September 18, 2007

Summer Is Over: Disc Two

Another week of pro and college football has passed. Both of our teams—PC’s Buckeyes and Browns, and my Nittany Lions and Steelers—came away with wins. Good weekend for sports. And the weather was perfect. Chilly fall days, crisp blue skies, and cool nights. Nothing better. PC criticized the title of my last post—yes, it wasn’t entirely accurate, but then again, since I’m a Penn State fan, I can’t exactly take up Ohio State’s cause. I just hope that anyone who plays Michigan ends up beating them.

As promised, here’s disc two of the annual fall mix. The first mix has expired, but if you have a request, I'm sure we can get a few back up.

Ghost Riders In the Sky – The Ramrods
A mix of surf instrumental and cowboy punk—I don’t know what you’d call it other than original and great.

Dreamer – Jenn Grant
Another original soung—Jenn Grant mixes up traditional folk, found sounds, and some good beats. She’s every bit as good as Feist but isn’t on an iPod commercial.

Monkberry Moon Delight – Paul McCartney
I consider this Sir Paul’s most underrated song off the largely forgotten album Ram. It sounds as if Paul, along with those back-up singers, snorted five pounds of coke before the producer hit the record button. He screams the lyrics and sounds like a maniac. But it’s loaded with energy, absurd lyrics, and a bass line that propels this thing into infinity.

In Your Veins – The Soundtrack of Our Lives
This Swedish band has been around for years and sound like the perfect throwback to the sixties. This melancholy tracks, with the strings, the delicate piano, and the haunting vocals are sublime.

No Moon – Iron & Wine
Nothing like some dusty, old-timey sounding music for the fall.

Place to Be – Nick Drake
Not there is anything to say here that hasn’t already been said.

Milk and Honey – Jackson C. Frank
Check out the history of this guy. Music this pretty only comes from someone this tortured—see above song.
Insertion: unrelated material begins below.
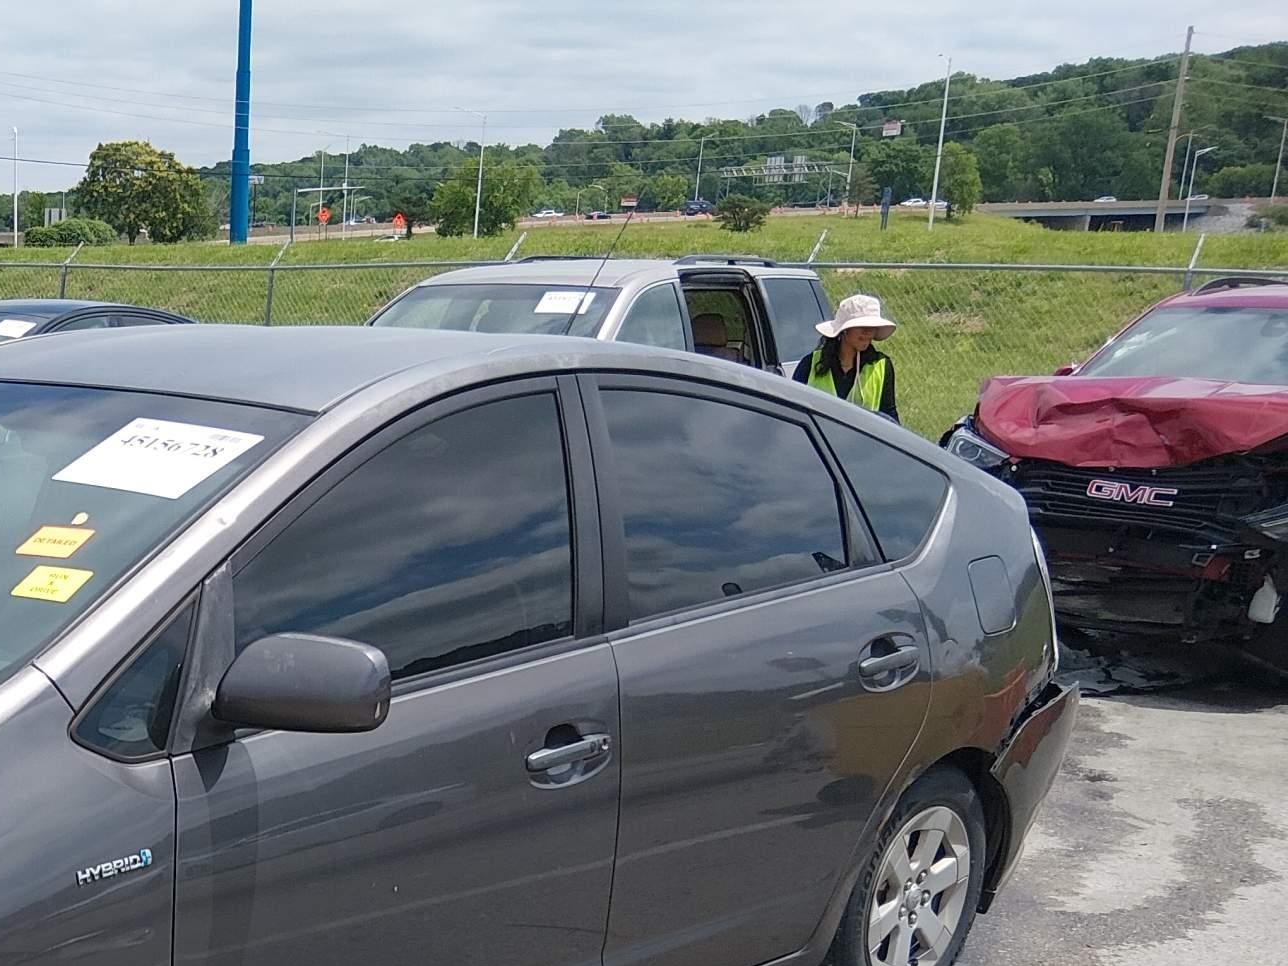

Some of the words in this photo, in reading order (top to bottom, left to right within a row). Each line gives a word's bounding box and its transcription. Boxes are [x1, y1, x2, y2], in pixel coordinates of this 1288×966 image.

King Harvest (Has Surely Come) – The Band
Scarecrow and a yellow moon,
and pretty soon a carnival on the edge of town,
King Harvest has surely come.

Friday Night at the Drive-In Bingo – Jens Lekman
This song just reminds of driving around with friends in high school, with nowhere to go, except somewhere we didn’t want to be.
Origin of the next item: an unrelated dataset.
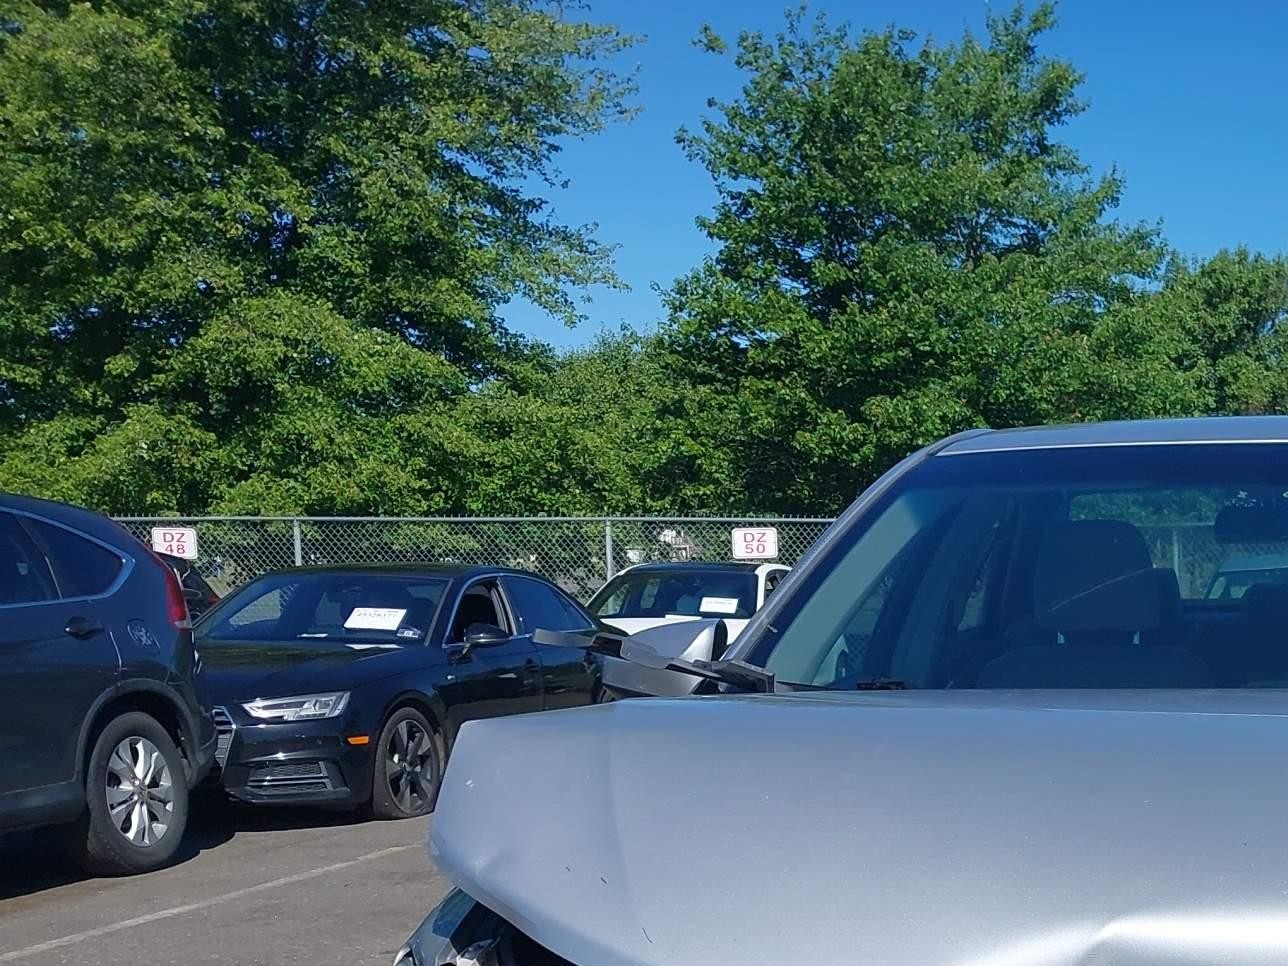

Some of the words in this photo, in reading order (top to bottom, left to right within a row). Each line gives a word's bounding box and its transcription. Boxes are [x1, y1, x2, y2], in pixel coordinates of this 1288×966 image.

[163, 532, 186, 543] DZ
[743, 532, 767, 543] DZ
[165, 544, 186, 554] 48
[745, 543, 766, 554] 50
Sunny Sunday Mill Valley Groove Day – Frank Black
I love this song, but damned if it isn’t hard to sing along with that chorus.
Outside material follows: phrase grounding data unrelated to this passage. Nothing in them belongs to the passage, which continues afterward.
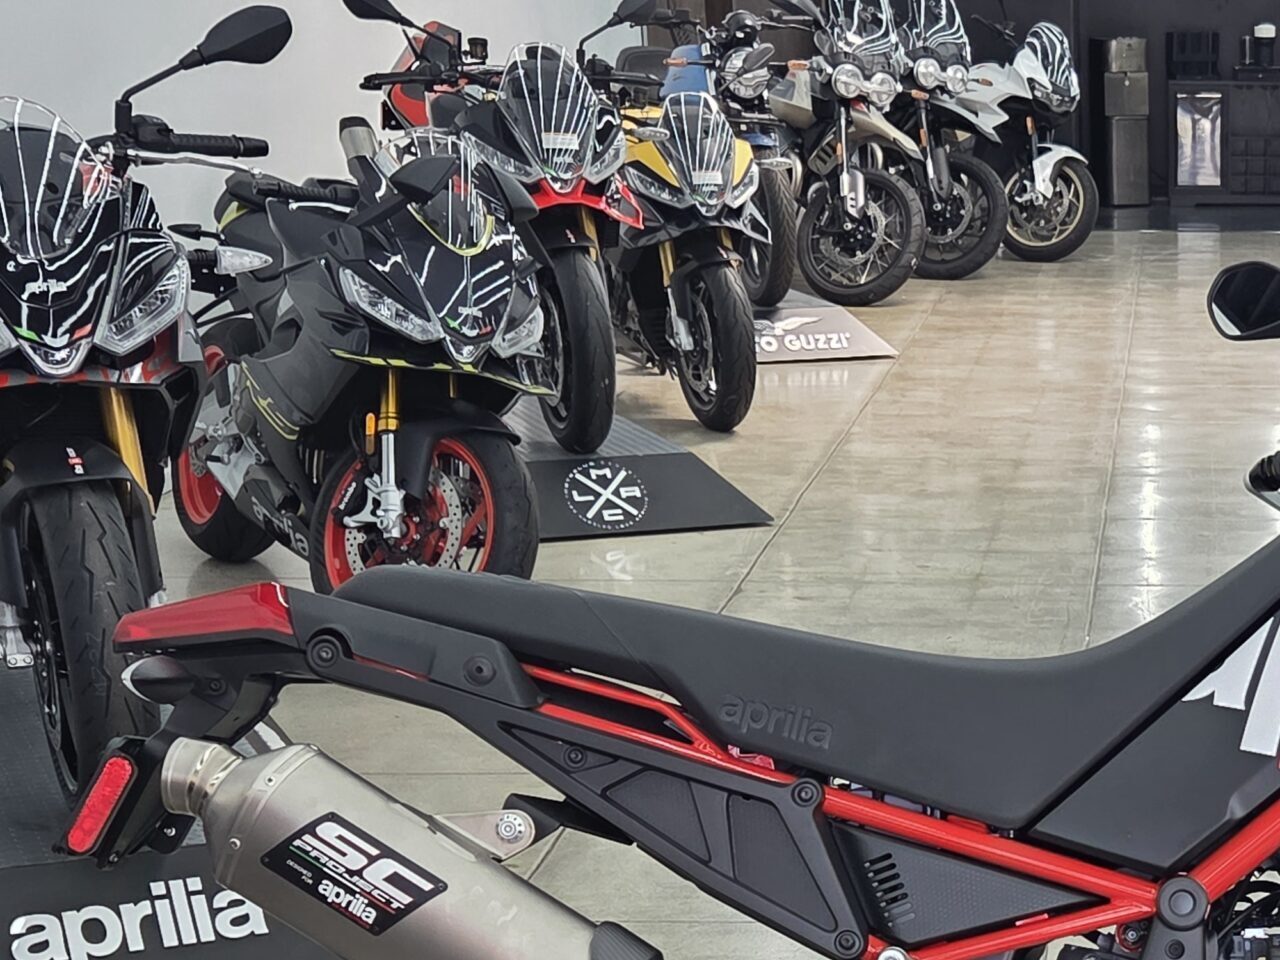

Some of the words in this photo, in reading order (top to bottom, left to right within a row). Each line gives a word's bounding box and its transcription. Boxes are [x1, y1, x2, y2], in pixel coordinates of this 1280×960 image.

[783, 332, 850, 352] GUZZI
[718, 694, 834, 750] aprilia
[290, 838, 406, 910] PROJECT
[300, 820, 436, 906] SC
[317, 878, 378, 925] aprilia
Forget Marie – Lee Hazelwood
Gonna go as far as fourteen dollars will take a fool like me…

These Dreams – Jim Croce
Another great artist who died way too young—seems there are too many on this mix. Croce had his own guitar playing style and voice. He’ll always remain one of my favorites.

Seasons – Chris Cornell
One of my favorites off the Singles soundtrack. Cornell’s voice, as always, is amazing. And the acoustic guitars. I love it.

House on the Lake – Rosanne Cash
This is my favorite song off her very good Black Cadillac, an elegy to the famous lake house Johnny and June shared.

Round the Bend – Beck
Sea Change makes my desert island list, the closest anyone has gotten to recording a Hank Williams album since Hank stopped doing it in 1953. The straight-forward lyrics, the finger-picking, the misery and heartache, the strings—this is his masterpiece and I don’t think he’ll ever top it.

California Dreamin’ – The Mamas and the Papas
All the leaves are brown. And the sky is gray.

Pretty Ballerina – The Left Banke
That off-key piano reminds me of leaves falling.

Laid a Highway – Tift Merritt
If country music still had any balls left, Tift Merritt would be a fucking star—sorry Faith Hill, but you suck. Tift is a great songwriter, singer, and has a great stage presence. I could listen to her all day.

Route 23 – Chatham County Line
A fine bluegrass band from North Carolina—saw them open for Tift Merritt during my former life. Another song about a road passing a town by. Reminds me of what recently happened in the area where I grew up.

I Saw the Light – Hank Williams
I’ve said this many times—Hank Williams is one of the best songwriters because he never wasted a word. This gospel song is poetic, beautiful, and tragic, considering the vices that eventually killed Williams. His voice is alive and strong in this, as it always will be.

All the Young Dudes – Mott the Hoople
Yes, maybe the only time Hank Sr. and glam rock have been juxtaposed with each other. The soaring chorus, the angst-soaked delivery of the lyrics—it was all written by David Bowie, who claims the song is about the apocalypse, not a trashing of the 60s as most thought.

Long May You Run – Neil Young
An elegy to his first car, but it could just as well be about anything.

2 comments:

thehauntedtooth said...

Just wanted to be the first one to ask JV what the fuck he was thinking even holding Beck up to someone like Hank Williams. ???
Sheesh. I like Beck. He's talented as all get out. But,come on...
PC

eric said...

JV, you know I love you, man, but PC DOES have a point. However-Long May You Run might be one of the greatest songs ever written. Cheers.